■ What you should do
Reproduce the lines below exactly. Skip images.

┄┄┄┄┄┄┄┄┄┄┄┄┄┄┄┄┄┄┄┄

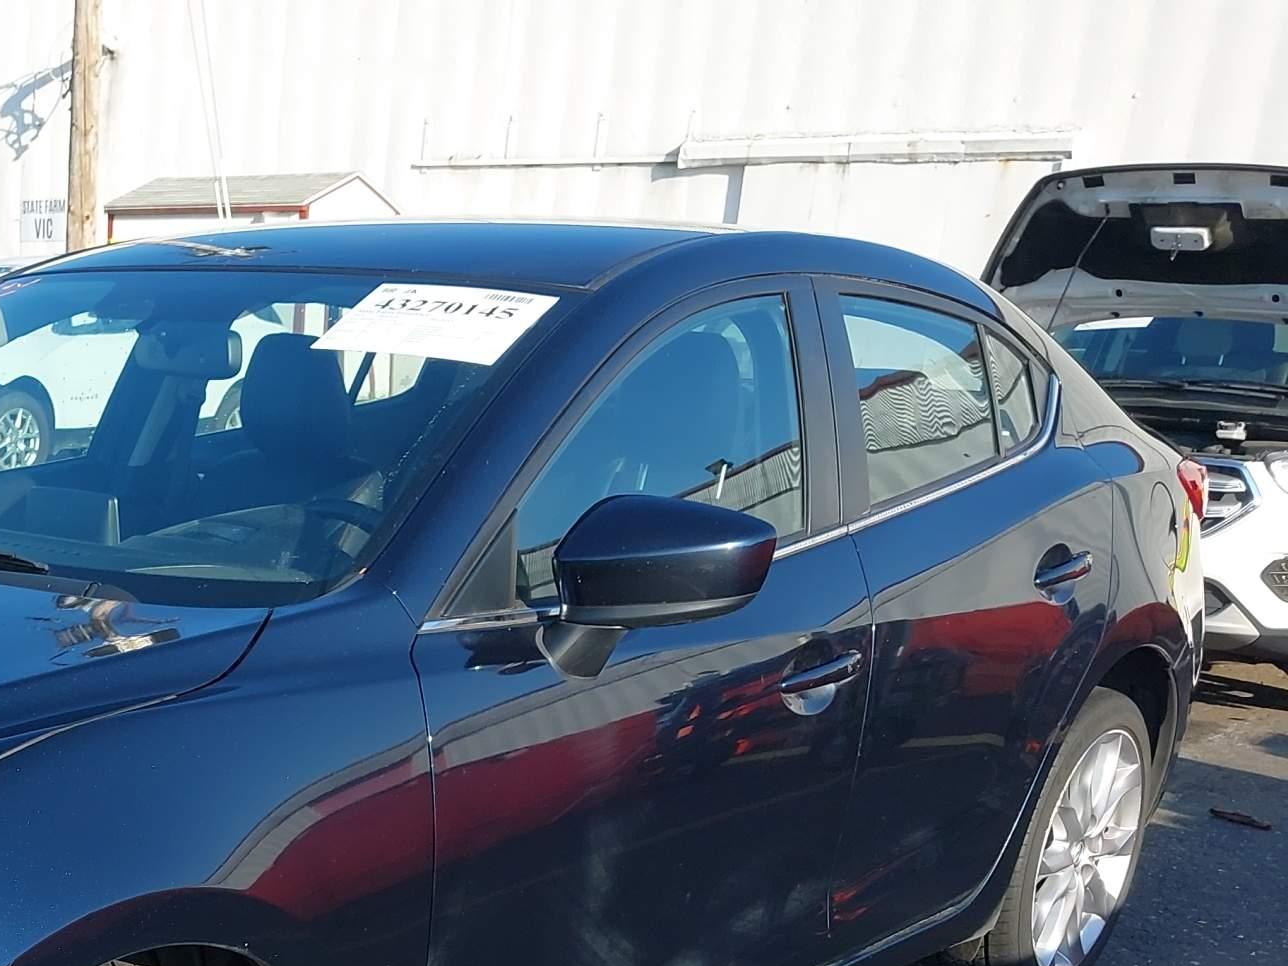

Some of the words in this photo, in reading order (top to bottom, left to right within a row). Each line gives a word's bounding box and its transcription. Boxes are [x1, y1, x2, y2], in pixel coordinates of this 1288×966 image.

[23, 200, 42, 214] STATE
[45, 200, 66, 214] FARM
[34, 218, 53, 238] VIC
[374, 297, 519, 319] 43270145
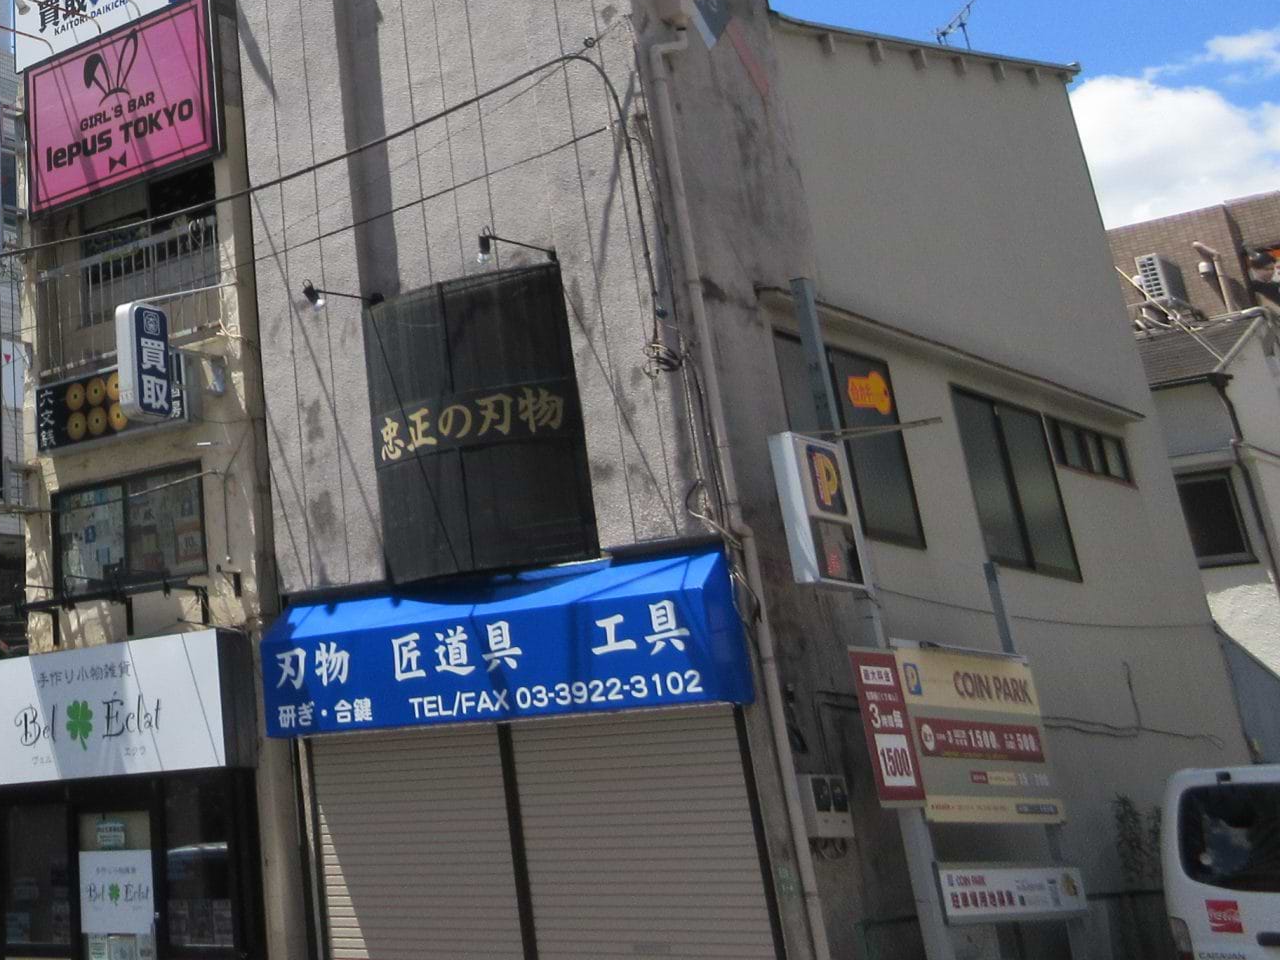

┄┄┄┄┄┄┄┄┄┄┄┄┄┄┄┄┄┄┄┄

■ Result
Some of the words in this photo, in reading order (top to bottom, left to right within a row). Each line gives a word's bounding box and its transcription. Boxes are [x1, y1, x2, y2], in pixel coordinates of this 1288×966 image.

[23, 200, 42, 214] STATE
[45, 200, 66, 214] FARM
[34, 218, 53, 238] VIC
[374, 297, 519, 319] 43270145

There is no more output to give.